母は、骨粗しょう症による骨折が3つあります。
1つ目は、74歳のときの右足の大腿骨骨折。
2つ目は、76歳のときの右上腕の骨折。
3つ目は、78歳のときの右足の膝付近の骨折。
母も僕も、骨粗しょう症が重症化するまで気づかなかったばかりに散々な目に遭っています。
骨粗しょう症に対する認識が甘いと言えばそうなのですが、全くノーマークだったのですから防ぎようがありません。
今回は、骨粗しょう症が我が家にもたらした悲劇を3つご紹介させていただきます。
目次
骨粗しょう症が重症化していることを知らずに手術をするとどうなる?
3度の骨折のうち、最初の2つは通常なら手術を要する骨折です。
しかし、右上腕は骨粗しょう症が発覚した後でしたので手術はしませんでした。
と言うより、できなかったのです。
反対に、大腿骨は骨粗しょう症になっていることを知らずに手術しています。
骨粗しょう症が重症化しているのに、手術をするとどうなるのか?
母は、足にボルトを入れて補強する手術をしているのですが、ボルトを固定するネジが抜けそうになってネジの役割を果していません。

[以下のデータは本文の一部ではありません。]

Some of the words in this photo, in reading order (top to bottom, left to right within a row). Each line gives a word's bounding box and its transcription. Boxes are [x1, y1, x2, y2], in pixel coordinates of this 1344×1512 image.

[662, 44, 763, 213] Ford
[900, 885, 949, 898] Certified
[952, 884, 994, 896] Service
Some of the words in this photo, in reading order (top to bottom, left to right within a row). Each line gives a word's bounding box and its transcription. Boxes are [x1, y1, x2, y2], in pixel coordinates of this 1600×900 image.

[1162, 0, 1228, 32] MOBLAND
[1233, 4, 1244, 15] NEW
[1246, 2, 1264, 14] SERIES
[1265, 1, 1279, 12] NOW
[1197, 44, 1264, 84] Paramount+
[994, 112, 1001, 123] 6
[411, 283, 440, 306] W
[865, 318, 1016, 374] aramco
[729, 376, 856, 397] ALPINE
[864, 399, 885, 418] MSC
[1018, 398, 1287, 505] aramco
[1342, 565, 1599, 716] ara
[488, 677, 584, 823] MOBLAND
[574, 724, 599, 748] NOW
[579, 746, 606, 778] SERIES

骨がスカスカで、ネジ穴がバカになっているのが原因です。
その結果、ひどい痛みに加え、術後の感染症で半年を超える寝たきりの入院生活を余儀なくされました。
退院後も、頓服(とんぷく)で痛みをコントロールしながら、痛みが治まるまで1年以上かかっています。

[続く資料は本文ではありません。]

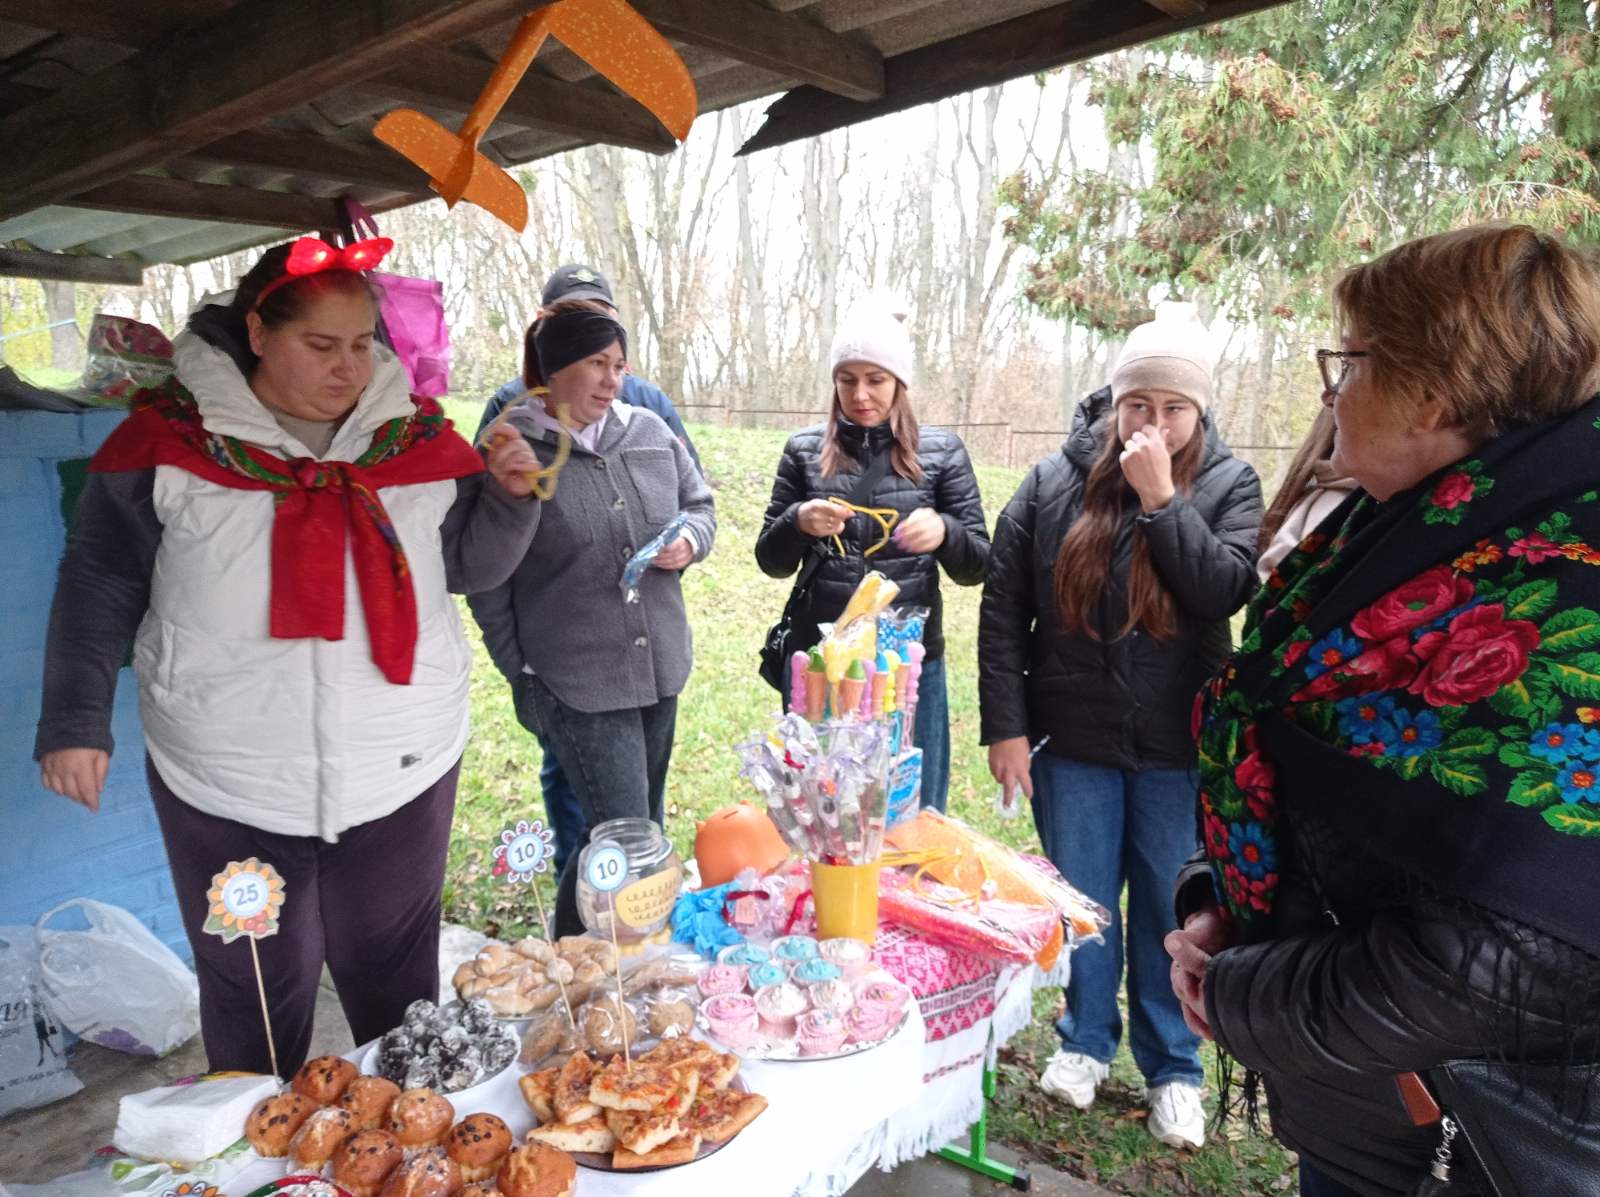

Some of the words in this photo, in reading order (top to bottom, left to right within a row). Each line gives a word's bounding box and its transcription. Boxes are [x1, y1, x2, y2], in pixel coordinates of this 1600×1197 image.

[515, 843, 535, 863] 10
[597, 859, 618, 880] 10
[233, 883, 259, 906] 25

今となっては、不要なボルトを取り除くこともできず、これから先寿命が尽きるまで感染症のリスクだけが残って踏んだり蹴ったりです。
結局のところ、手術してキズ口を広げただけ。
骨がヌカに釘なのですから、そもそも手術をすること自体間違っています。
骨粗しょう症による骨折は身体障害に直結しやすい

骨粗しょう症は、分かりづらく骨折してはじめて知る人も多いと聞きます。
母もその一人ですが、発覚したときにはすでに重症化していました。
骨粗しょう症が、重症化しているとどうなるのか?
リハビリが遅れる原因になる
高齢者の骨折で、気を付けなければならないこと。
それは、身体を動かせなくなる期間が長くならないことです。
母が経験した、骨粗しょう症が引き起こす負の連鎖です。
- 骨のつきが悪いと、早期にリハビリができなかったり、そもそもリハビリができないこともある。
- リハビリが遅れると、筋肉量が減少してしまう。
- 一旦、無くした筋肉を元に戻すことは困難。
リハビリは、出来るだけ早くとはよく聞く言葉ですが、身体を動かさなくなると筋肉はすぐに落ちます。

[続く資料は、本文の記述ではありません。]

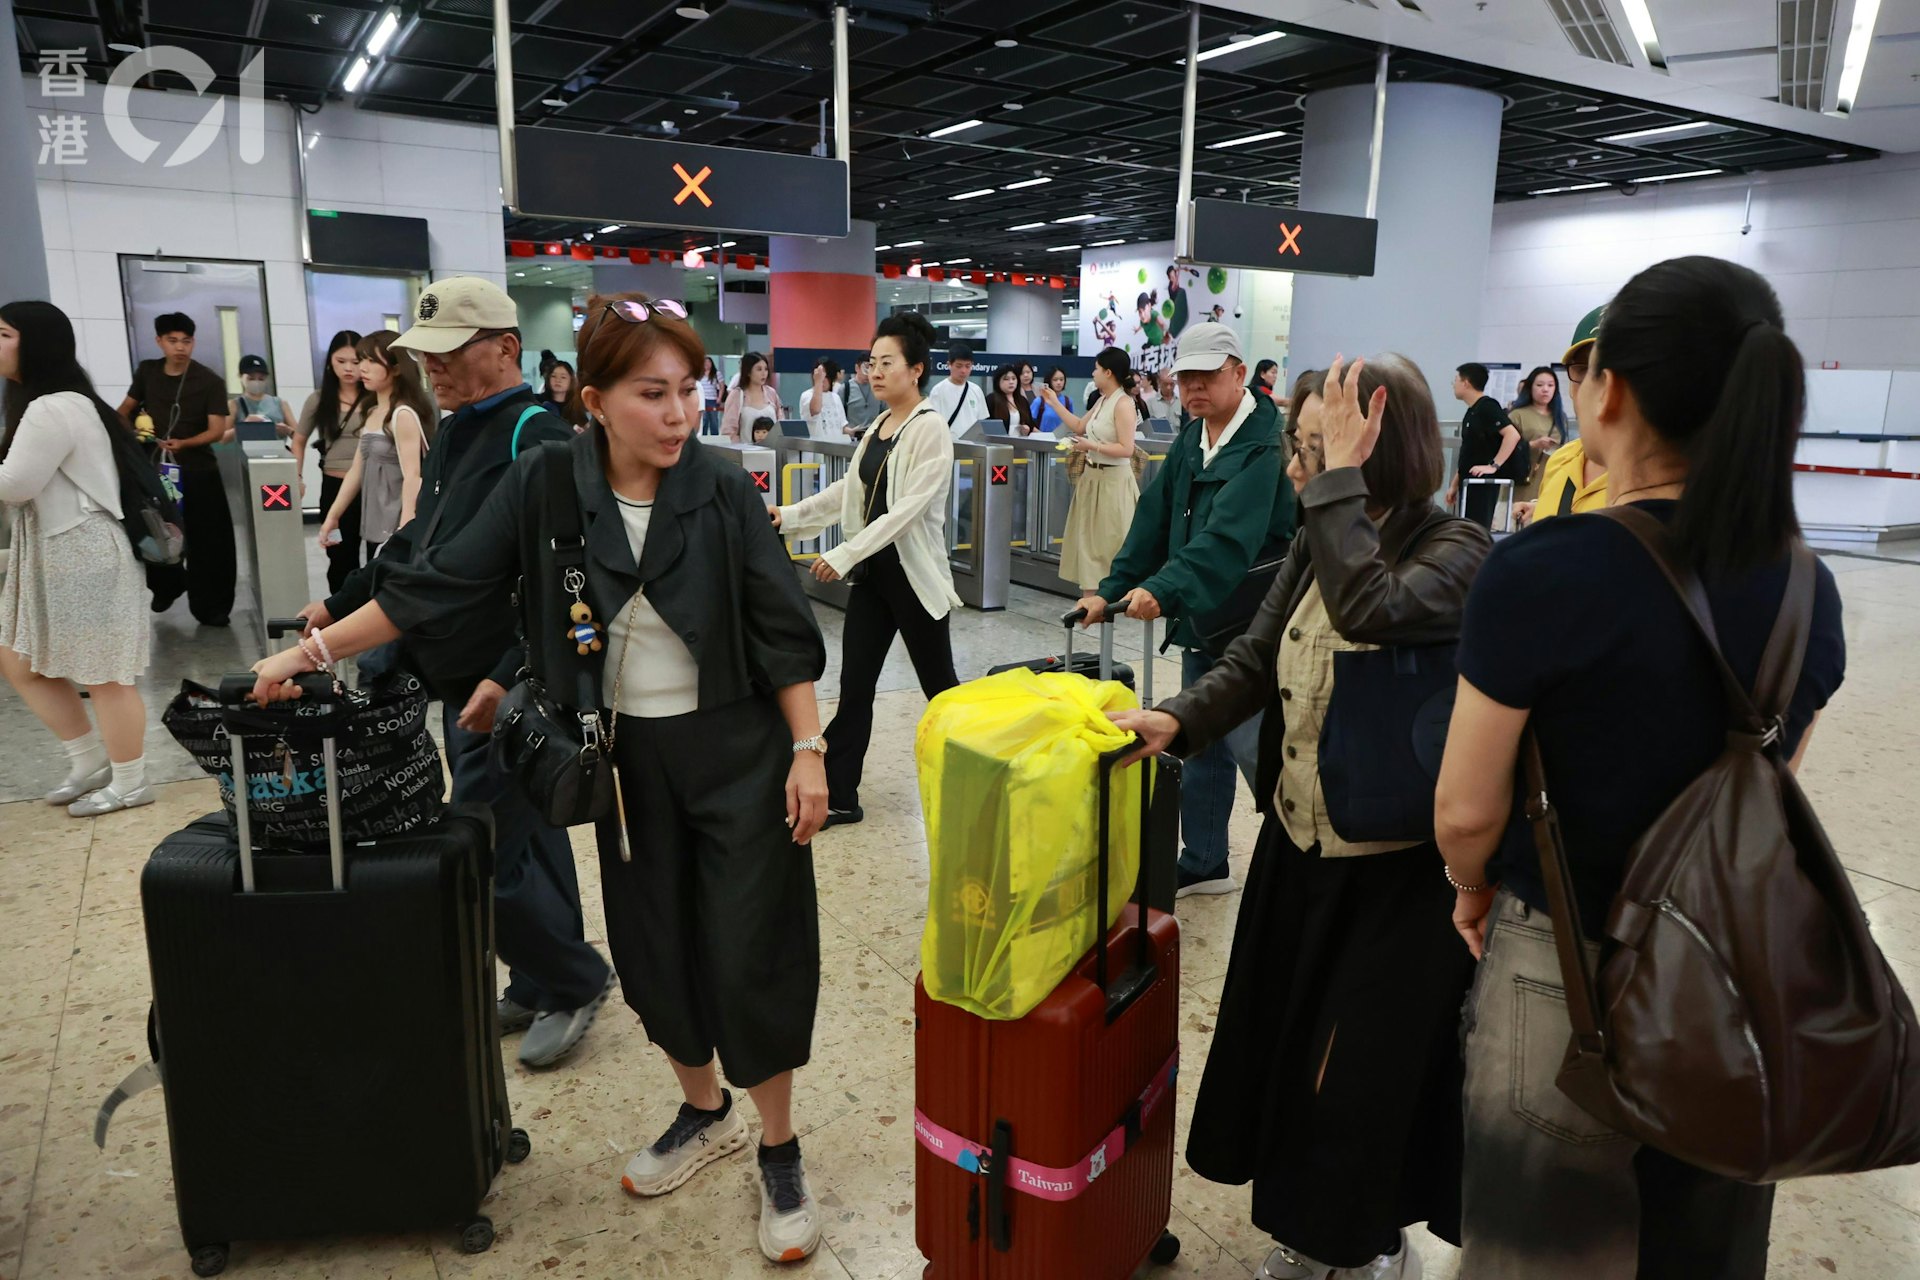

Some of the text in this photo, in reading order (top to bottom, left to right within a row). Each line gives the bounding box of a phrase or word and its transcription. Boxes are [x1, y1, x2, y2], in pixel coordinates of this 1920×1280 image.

[400, 775, 430, 801] Alaska
[914, 1121, 945, 1149] aiwan
[1017, 1168, 1074, 1192] Taiwan

特に、高齢者は筋肉の低下が早く、母も骨折した右足だけでなく左足の筋肉まであっという間に削げ落ちてしまいました。
手術ができない原因になる
骨粗しょう症が重症化すると、手術ができないケースが出てきます。
手術が必要なのに、できないとどうなるのか?
母の右上腕骨折のように、骨を元に戻すことなく固定して「日にち薬」でつなぐことになります。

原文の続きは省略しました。